START Records to process

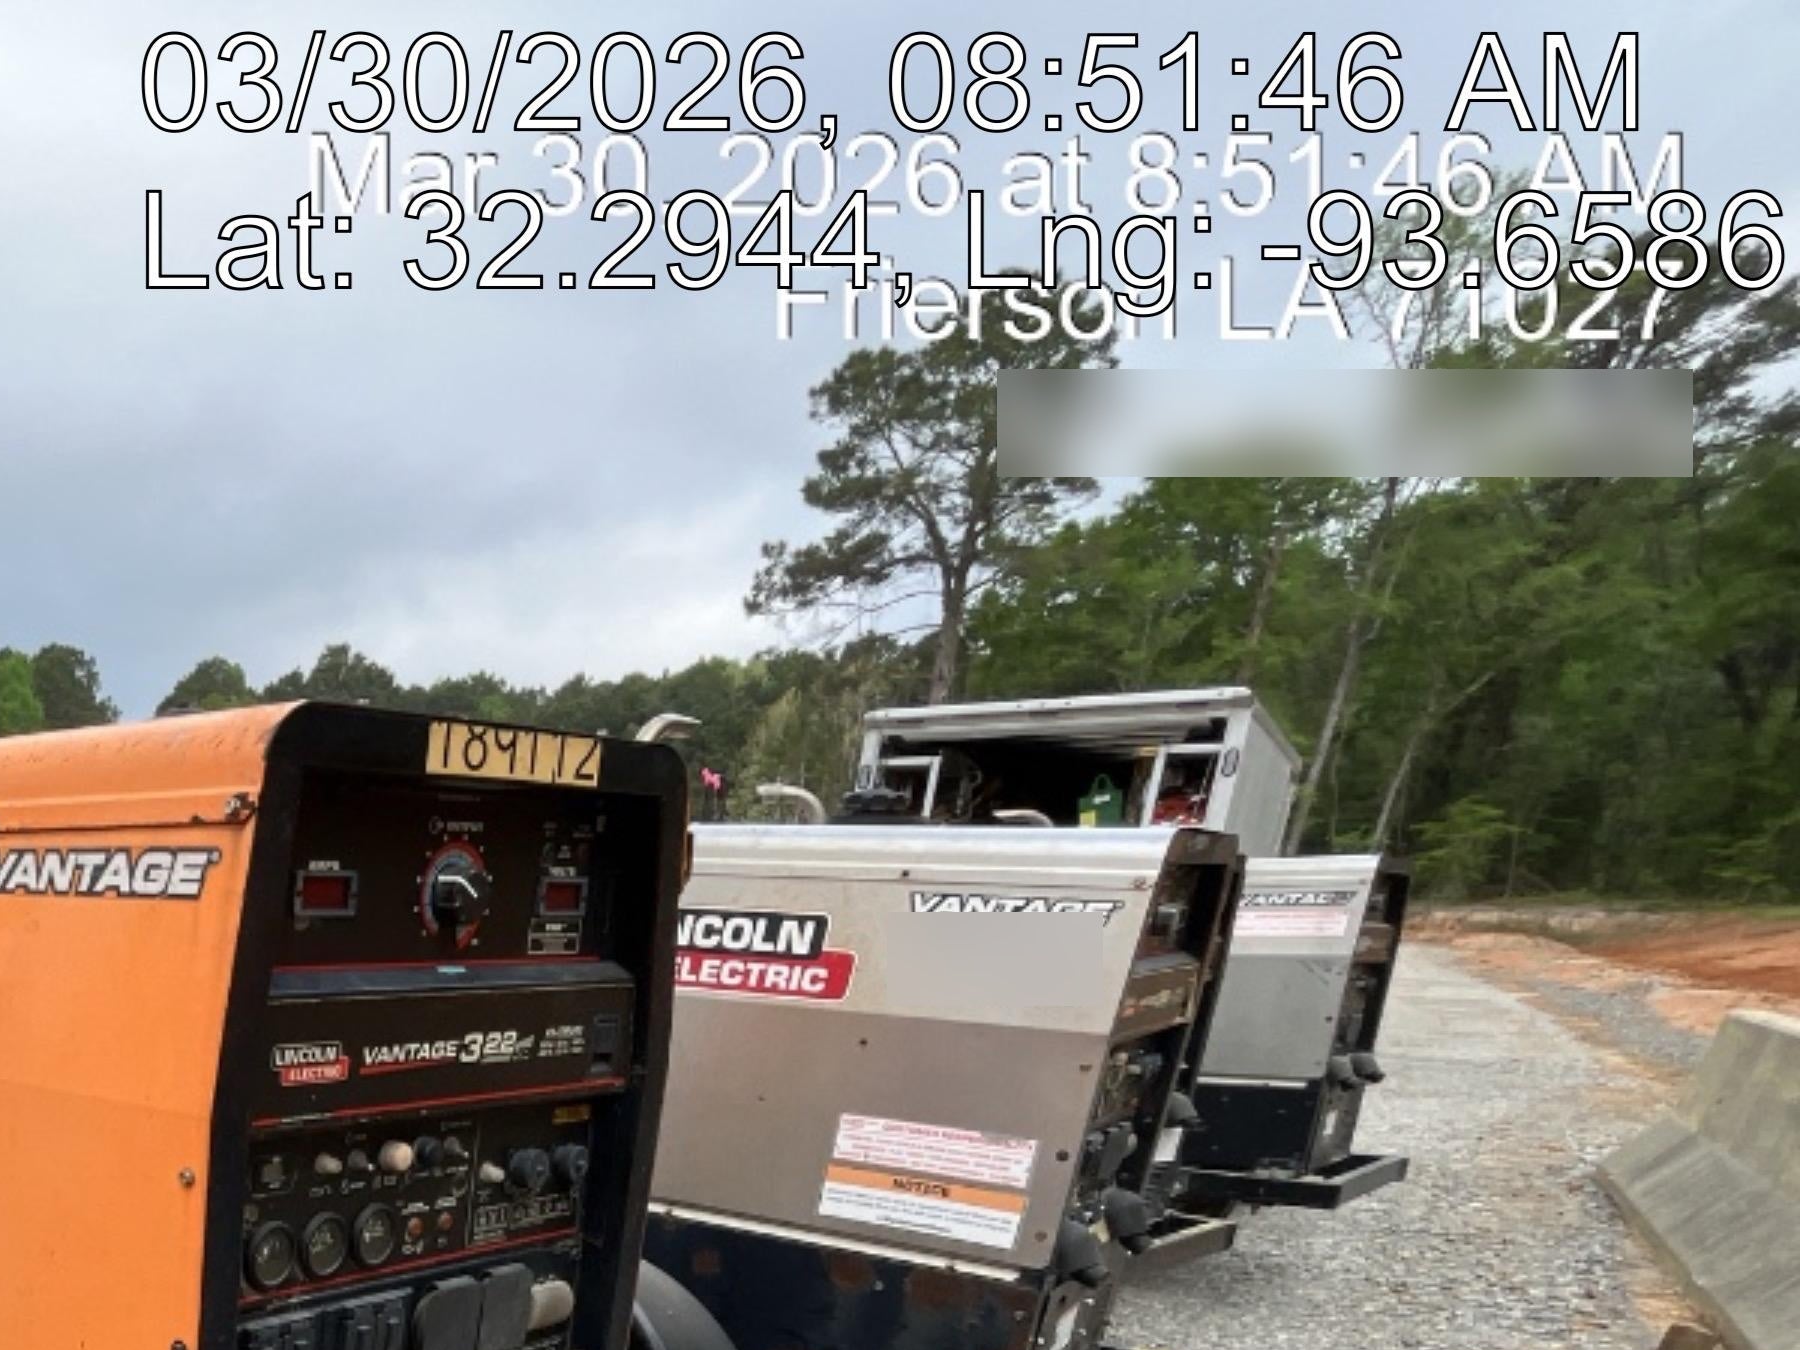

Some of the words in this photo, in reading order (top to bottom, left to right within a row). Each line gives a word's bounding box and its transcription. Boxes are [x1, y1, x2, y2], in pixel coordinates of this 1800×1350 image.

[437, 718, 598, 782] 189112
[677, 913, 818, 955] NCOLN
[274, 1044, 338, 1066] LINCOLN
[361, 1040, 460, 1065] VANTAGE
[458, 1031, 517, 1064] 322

END Records to process

# Work request:
Omit the pictures and restate the rest of the records verbatim.

# Output of the task:
Some of the words in this photo, in reading order (top to bottom, left to right within a row). Each line gives a word's bounding box and its transcription. Boxes are [x1, y1, x2, y2], in pixel coordinates of this 1800×1350 image.

[437, 718, 598, 782] 189112
[677, 913, 818, 955] NCOLN
[274, 1044, 338, 1066] LINCOLN
[361, 1040, 460, 1065] VANTAGE
[458, 1031, 517, 1064] 322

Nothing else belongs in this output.